A summary of long-term debt follows (in millions):
 
December 31,
2015
 
Nine Months Ended
September 30, 2016
 
September 30,
2016
 
 
PIK Interest
 
Repurchases
 
8% paid-in-kind toggle notes
$
247.6

 
$
13.1

 
$
(26.1
)
 
$
234.6

Less unamortized deferred financing costs
0.6

 

 
(0.1
)
 
0.5

Long-term debt
$
247.0

 
$
13.1

 
$
(26.0
)
 
$
234.1



In June 2016, Centrus repurchased some of the Company’s 8.0% paid-in-kind (“PIK”) toggle notes (the “PIK Toggle Notes”) pursuant to a pre-arranged trading plan. The Company made cash payments of $9.8 million for PIK Toggle Notes having an aggregate principal balance of $26.1 million and accrued interest payable balance of $0.5 million. The gain on the early extinguishment of the PIK Toggle Notes was $16.7 million, net of commissions and unamortized deferred financing costs totaling $0.1 million.

The pre-arranged trading plan was adopted in accordance with guidelines specified under Rule 10b5-1 of the Securities Exchange Act of 1934 (the “10b5-1 Plan”). The 10b5-1 Plan provided that an independent broker selected by the Company repurchase PIK Toggle Notes on the open market within specified guidelines on the Company’s behalf. All repurchases were subject to SEC regulations as well as such other terms and conditions as specified in the 10b5-1 Plan. On July 11, 2016, the Company terminated the 10b5-1 Plan and subsequently cancelled the PIK Toggle Notes that were repurchased.

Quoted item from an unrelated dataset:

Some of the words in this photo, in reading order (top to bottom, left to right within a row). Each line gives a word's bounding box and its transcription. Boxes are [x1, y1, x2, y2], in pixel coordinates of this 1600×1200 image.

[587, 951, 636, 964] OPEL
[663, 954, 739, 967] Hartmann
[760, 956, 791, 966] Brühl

The PIK Toggle Notes pay interest at a rate of 8.0% per annum. Interest is payable semi-annually in arrears based on a 360-day year consisting of twelve 30-day months. The principal amount is increased by any payment of interest in the form of PIK payments. The Company has the option to pay up to 5.5% per annum of interest due on the PIK Toggle Notes in the form of PIK payments. For payments in 2016 and through the semi-annual interest period ending March 31, 2017, the Company has elected to pay interest in the form of PIK payments at 5.5% per annum.

Financing costs for the issuance of the PIK Toggle Notes were deferred and are being amortized on a straight-line basis, which approximates the effective interest method, over the life of the PIK Toggle Notes.

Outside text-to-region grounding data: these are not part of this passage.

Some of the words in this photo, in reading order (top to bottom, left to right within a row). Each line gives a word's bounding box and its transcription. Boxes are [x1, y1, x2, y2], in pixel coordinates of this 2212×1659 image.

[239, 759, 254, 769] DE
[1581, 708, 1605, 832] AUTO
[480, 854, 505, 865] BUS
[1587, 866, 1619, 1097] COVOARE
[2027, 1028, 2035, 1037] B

The PIK Toggle Notes will mature on September 30, 2019. However, the maturity date can be extended to September 30, 2024, upon the satisfaction of certain funding conditions described in the Indenture relating to the funding, under binding agreements, of (i) the American Centrifuge project or (ii) the implementation and deployment of a National Security Train Program utilizing American Centrifuge technology.

The PIK Toggle Notes rank equally in right of payment with all existing and future unsubordinated indebtedness of the Company (other than the Issuer Senior Debt as defined below) and are senior in right of payment to all existing and future subordinated indebtedness of the Company. The PIK Toggle Notes are subordinated in right of payment to certain indebtedness and obligations of the Company described in the Indenture (the “Issuer Senior Debt”), including (i) any indebtedness of the Company under a future credit facility, (ii) obligations of, and claims against, the Company under any equity investment (or any commitment to make an equity investment) with respect to the financing of the American Centrifuge project, (iii) obligations of, and claims against, the Company under any arrangement with DOE, export credit agencies or any other lenders or insurers with respect to the financing or government support of the American Centrifuge project and (iv) indebtedness of the Company to Enrichment Corp. under the Centrus Intercompany Note.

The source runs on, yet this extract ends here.